Minter presents an unforgettable portrait of a tragic, suffering Faulkner that is both scarily true and absolutely renching. Chiefly, the elements of the pain are a terrible addiction to alcohol and an unhappy marriage. Indeed Faulkner's alcoholism was legendary during his own life, but was seen by detractors as a sort of joke, by defenders (in a much more boozed age than the present) as no big deal.

Be forewarned: you may never want to read another book about an alcoholic writer or artist, or any kind of alcoholic, afterwards. It is done, too, with both an uncanny intimacy and a saving sympathy. Yet all this might merely add up to the stuff of soap operas, but for Mintner's like insistence on emphasizing the writer's enobling mission and belief in the greatness of his own work. Out of the South's defeat and out of his own Celtic bloodline Faulkner inherited a romance for lost causes; doing the impossible and failing was his great and oft-expressed polestar. With attention both to the impossibly sublime and the quite real pathology, Mintner presents a portrait of Faulkner that not only makes sense in human terms, but also gives an aura of universality to the story of this major American artist.

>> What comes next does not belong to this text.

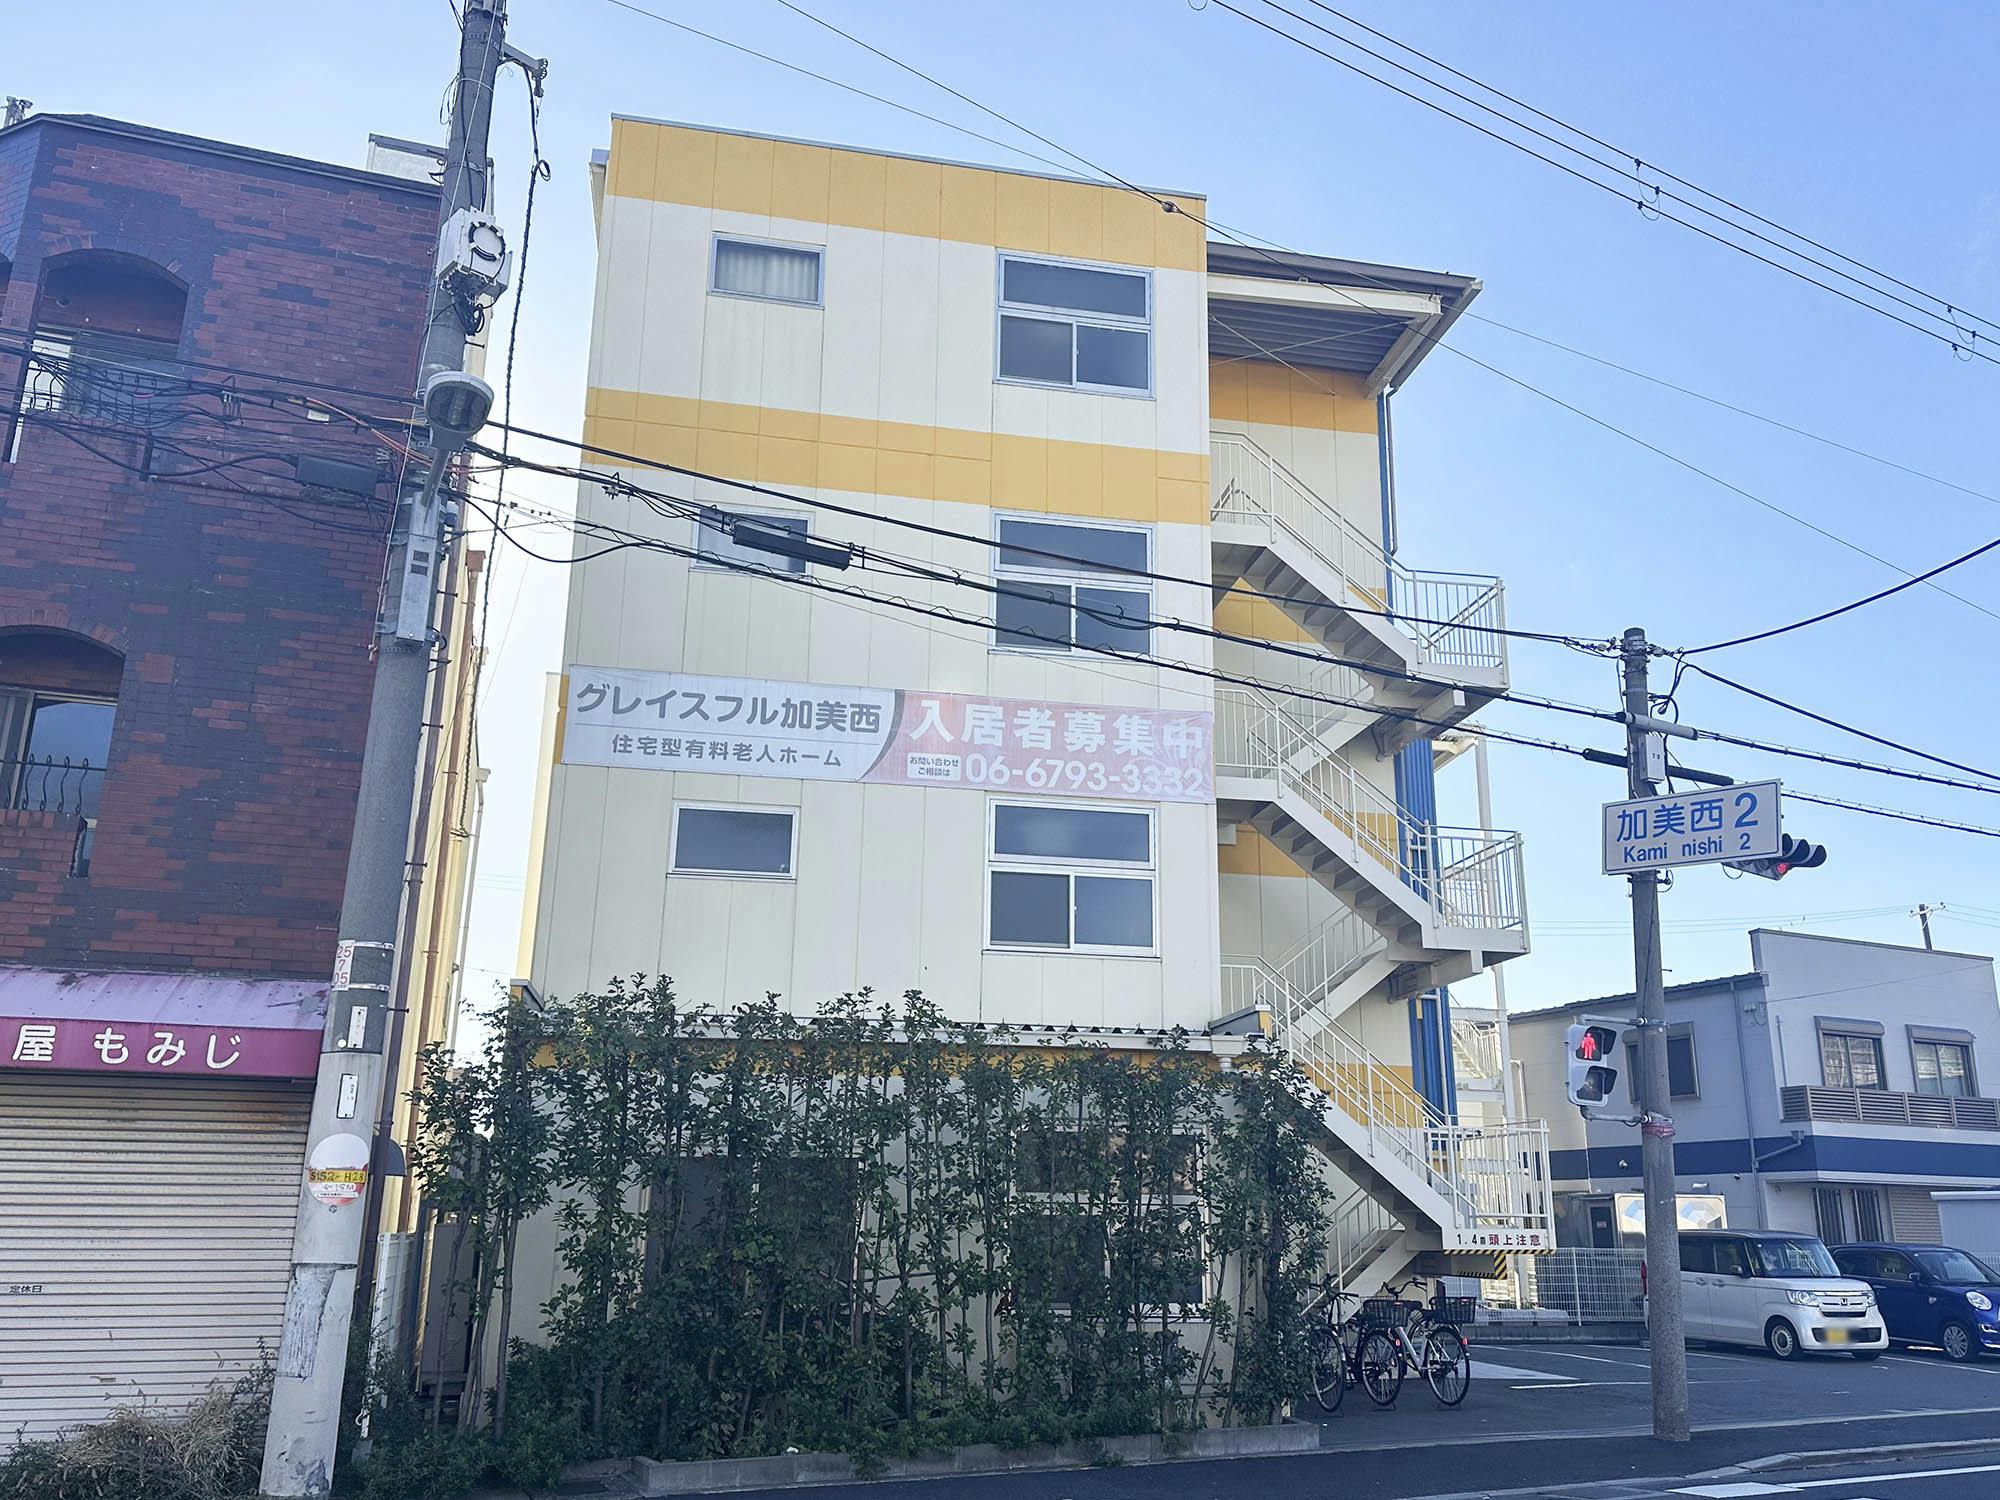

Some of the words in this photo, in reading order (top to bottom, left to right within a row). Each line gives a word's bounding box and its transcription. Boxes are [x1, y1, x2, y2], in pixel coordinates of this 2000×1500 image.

As difficult as this encounter with truth is, then, it is necessary and convincing. You will finally understand the sort of man who could have created the fragility of a Quentin Compson, the monstrosity of a Colonel Supten, and a whole universe of others, all out of himself. Even the alcoholism becomes explicable, with a kind of awful clarity, when you come to dimly see what a rare sort of human being is here under review: a sort of empath, who either by birth or by will felt the accumulated pain of his region's entire history and people before he could project it. In this sense the alcohol was a sort of folk home remedy which provided support to the impossible undertaking.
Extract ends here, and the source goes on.